The North Carolina Breastfeeding Alliance is now supporting these efforts, with 30 to 40 volunteers a day assembling cleaning kits, processing milk donations and assessing needs.
It's formula, not diapers that a diaper bank rushed to distribute immediately after the North Carolina storm. Michelle Schaefer-Old, the company's CEO, describes the demand as “terrible,” especially for low-income families who can't afford to stock up in advance. “Right off the bat, we started getting requests for formula and hearing stories of families who couldn't feed their baby for 14 or 24 hours,” she says.
Donations helped the company purchase formula plates directly from manufacturers; In about a week, the bank distributed more than 5,000 containers of formula in 28 North Carolina counties affected by the hurricane.
However, he adds: “I would say we are meeting only 50% of the demand [the demand] We are looking in western North Carolina.
At this point, meeting that need does not mean collecting additional supplies, but distributing them to the most remote and isolated communities. “What's happening in Asheville right now is that we have a lot of things,” says Roxy Robbins, an Asheville doula who co-founded The Flow of Life Yoga and maternal health nonprofit Perinatal Health Connect. “The core of what we're looking at is how to get beyond the city center and support rural communities that can't go into the city.”
Similar coalitions faced the impact of Hurricane Milton. Melissa Butler, a St. Petersburg native and postpartum doula, said birth workers began spreading the word about relief efforts. “What many of us are doing is sharing resources so they reach more people,” he says; A birth center serves as a hurricane shelter, and a pelvic floor therapist collects and distributes baby supplies.
Organizations such as Mother's Milk Bank of Florida collect and distribute 8,000 ounces of pasteurized human donor milk to 78 hospital and community partners each week. Earlier this week, they asked people in unaffected parts of the state to consider donating surplus milk to meet post-storm demand. These donations “will help ensure that babies cared for in Florida NICUs have the nutrition they need to thrive if they don't have access to their own mother's milk,” says Leanne Keith, Director of Community Engagement.

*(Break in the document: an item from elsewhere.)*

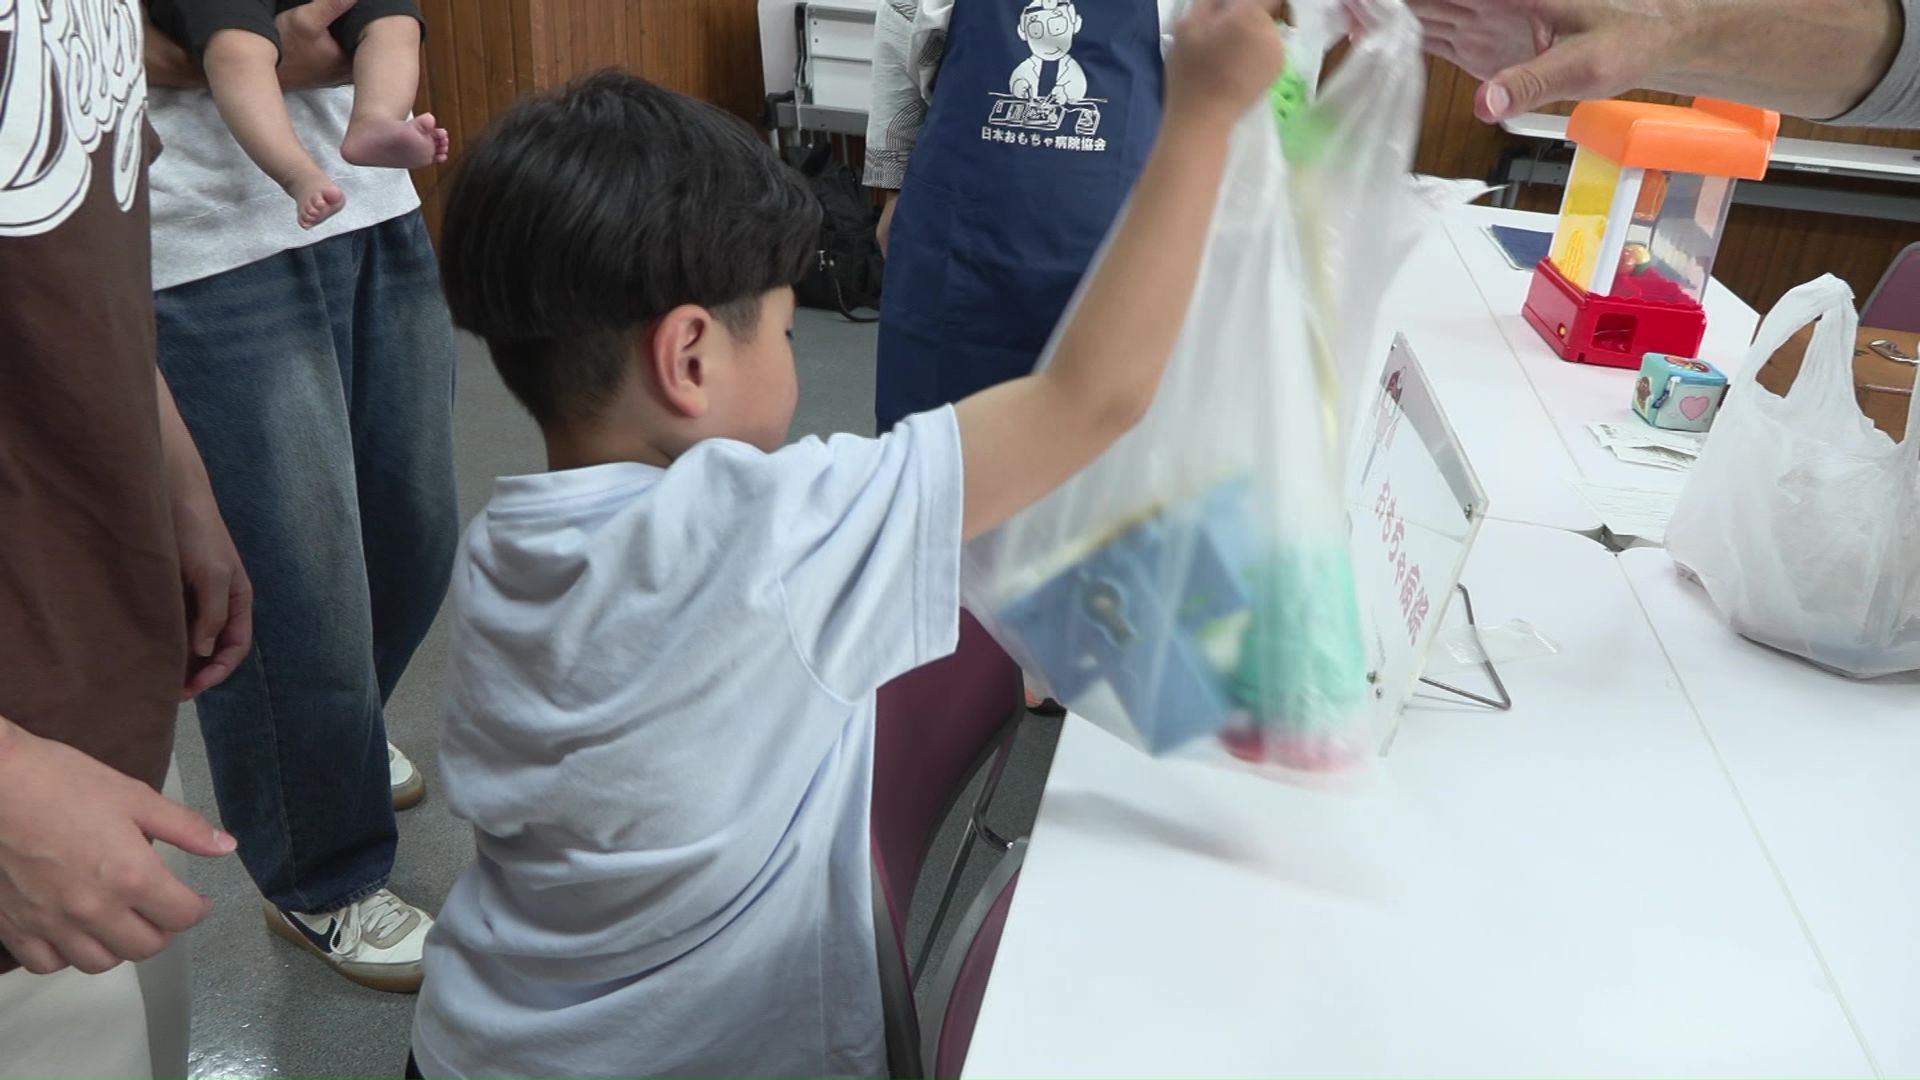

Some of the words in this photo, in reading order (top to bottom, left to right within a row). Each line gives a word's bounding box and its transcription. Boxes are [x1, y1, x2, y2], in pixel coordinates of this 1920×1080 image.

[981, 126, 1106, 151] 日本おもちゃ病院協会

After Helen, Robbins, her business partner Sue Ann Fisher, and other birth workers soon established the Maternal Health Mutual Aid Center in Asheville. They now help evacuate families, connect them with care providers in other states, and raise funds to subsidize travel for those who cannot leave.

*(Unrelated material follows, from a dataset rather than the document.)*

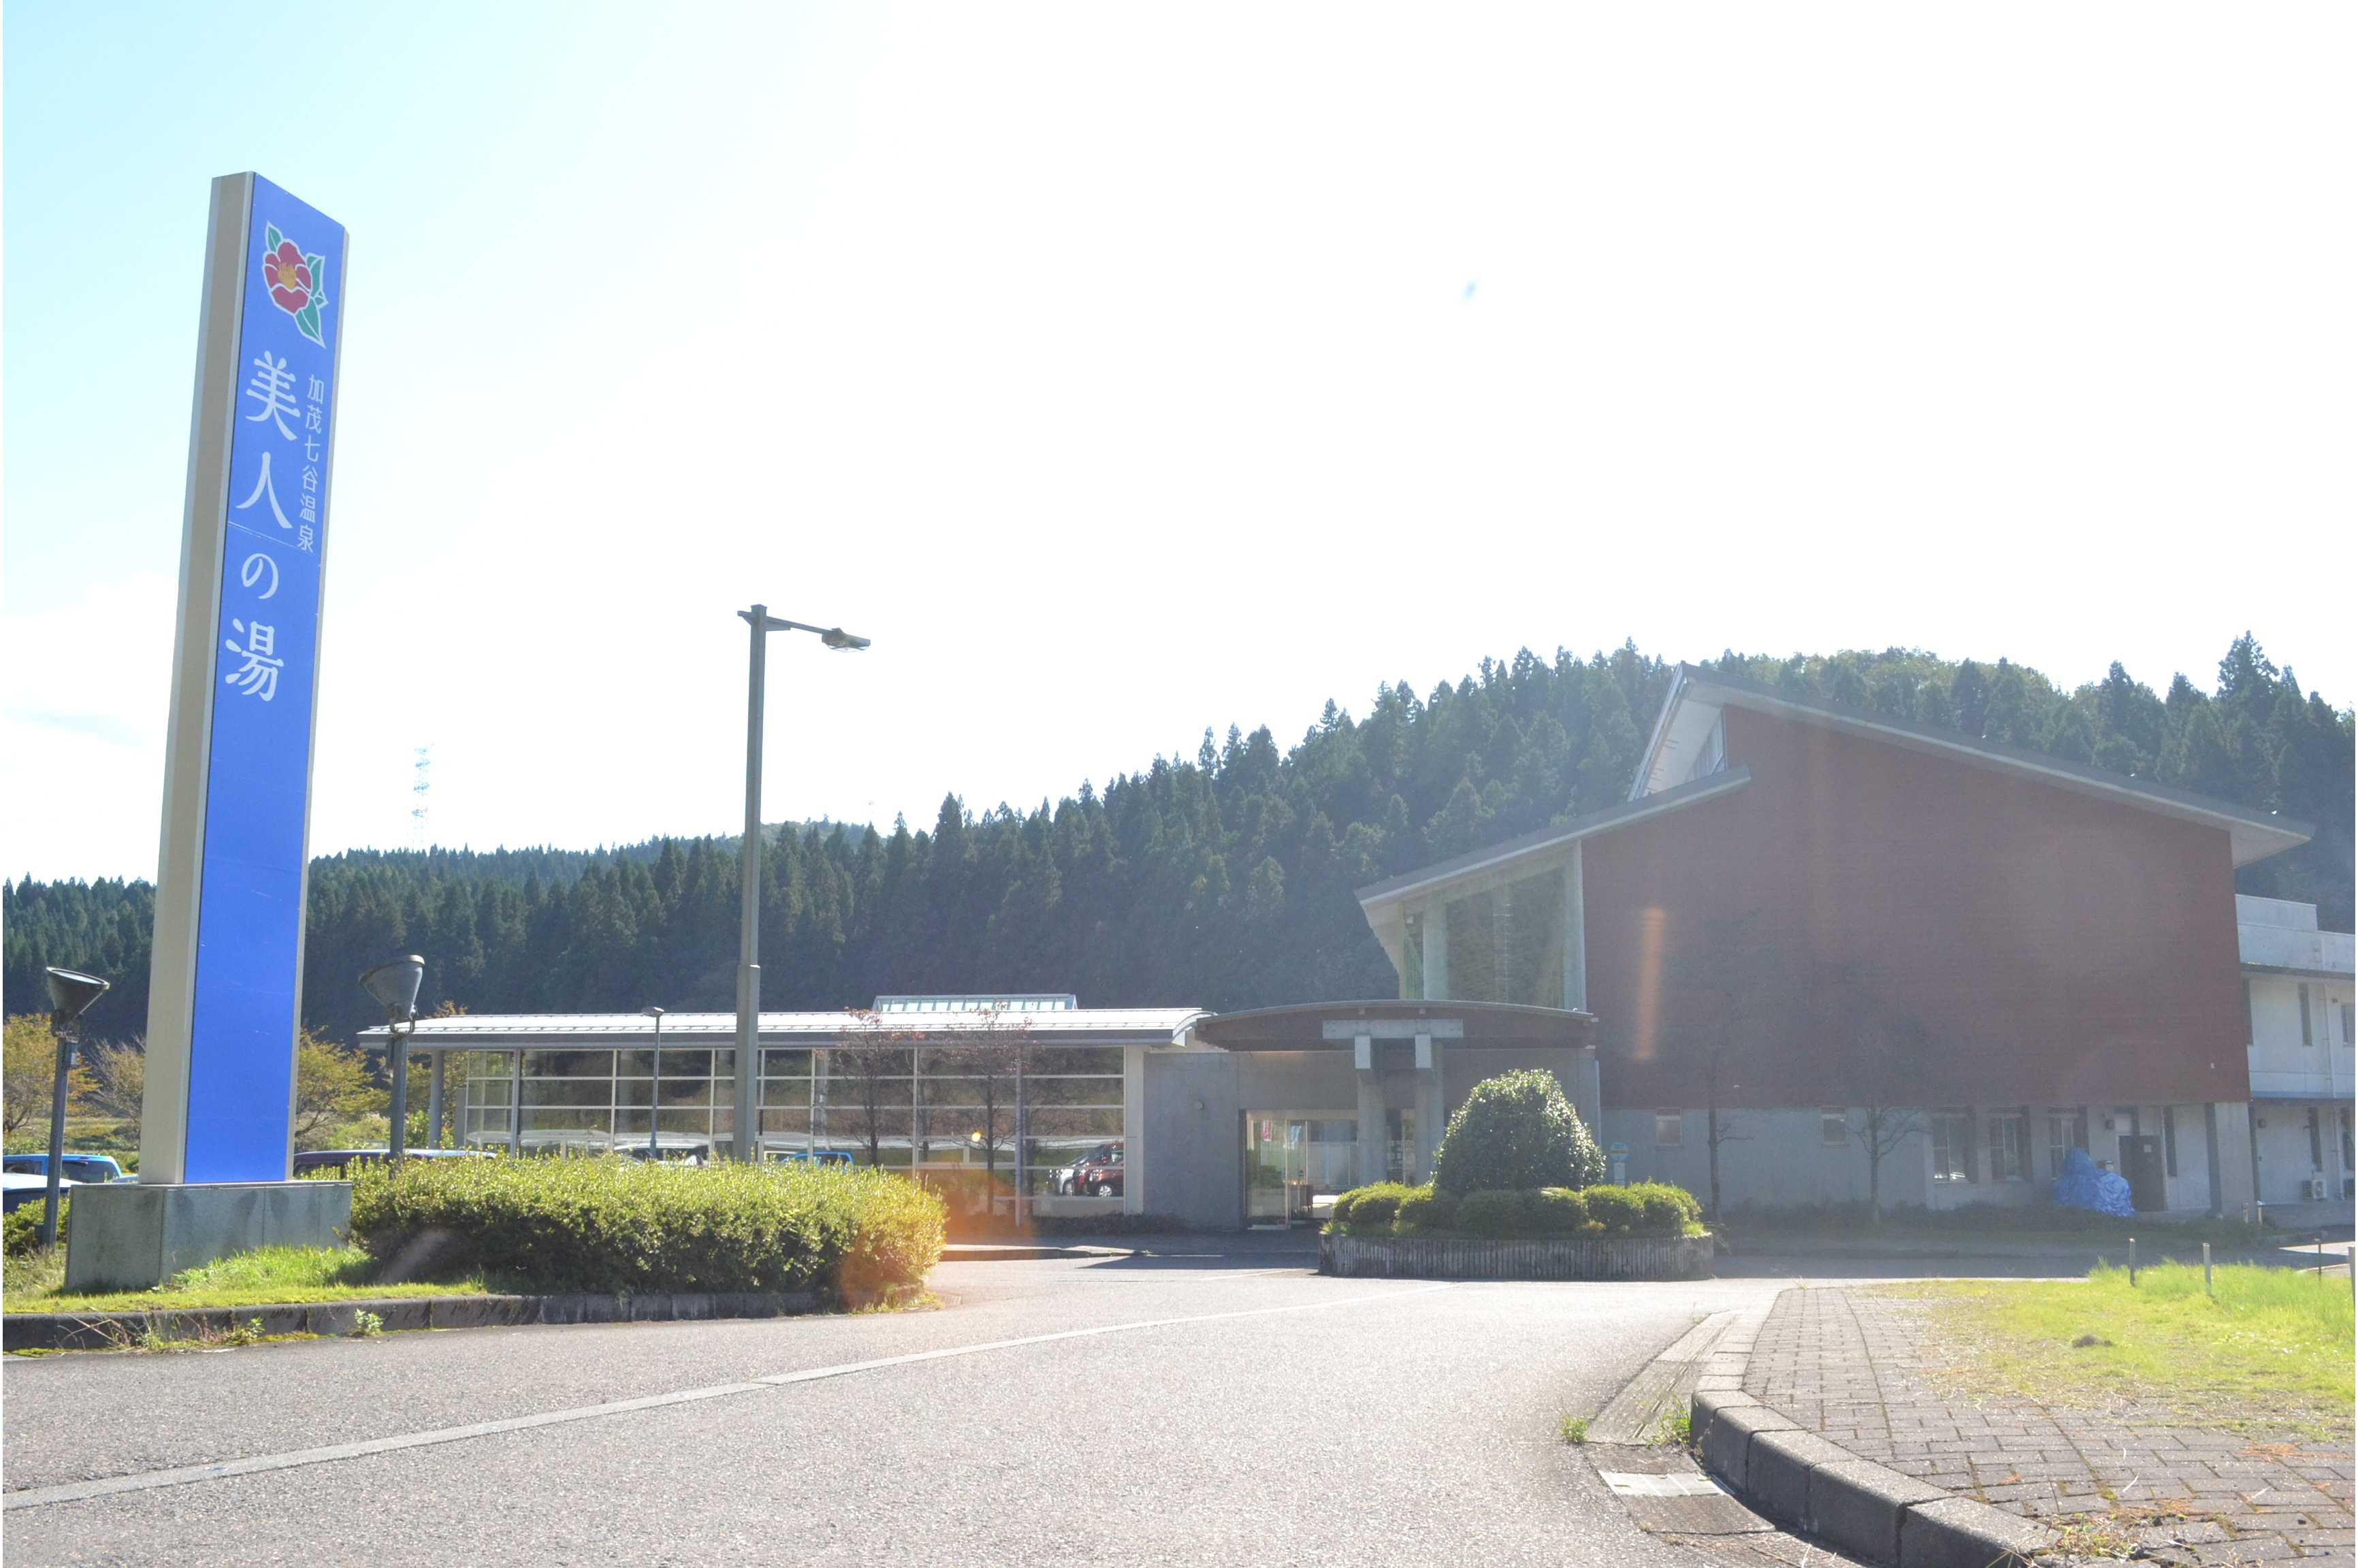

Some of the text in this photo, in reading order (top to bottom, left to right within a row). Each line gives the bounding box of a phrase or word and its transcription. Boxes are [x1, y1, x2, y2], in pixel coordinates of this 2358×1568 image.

[225, 350, 300, 702] 美人の湯
[297, 374, 324, 553] 加茂七谷温泉

“People want to protect their home, they want the community to support them – that's what they know and want,” says Melissa Poole, a nurse-physician at the collaborative. “But many of them have to make the difficult decision that this is best for their children.”
Maria and her family, now staying at a family member's vacation home a few hours from their home, have not decided what their long-term plans are. He says most of the families he knows with young children have left. Some tried to go back and left again. She thinks it will be months before water returns to her area.
“It's not clear how and when we can get back to normal, what will be safe for our babies, and when we will be able to get formula for him,” she says. “How do we imagine what the future will look like?”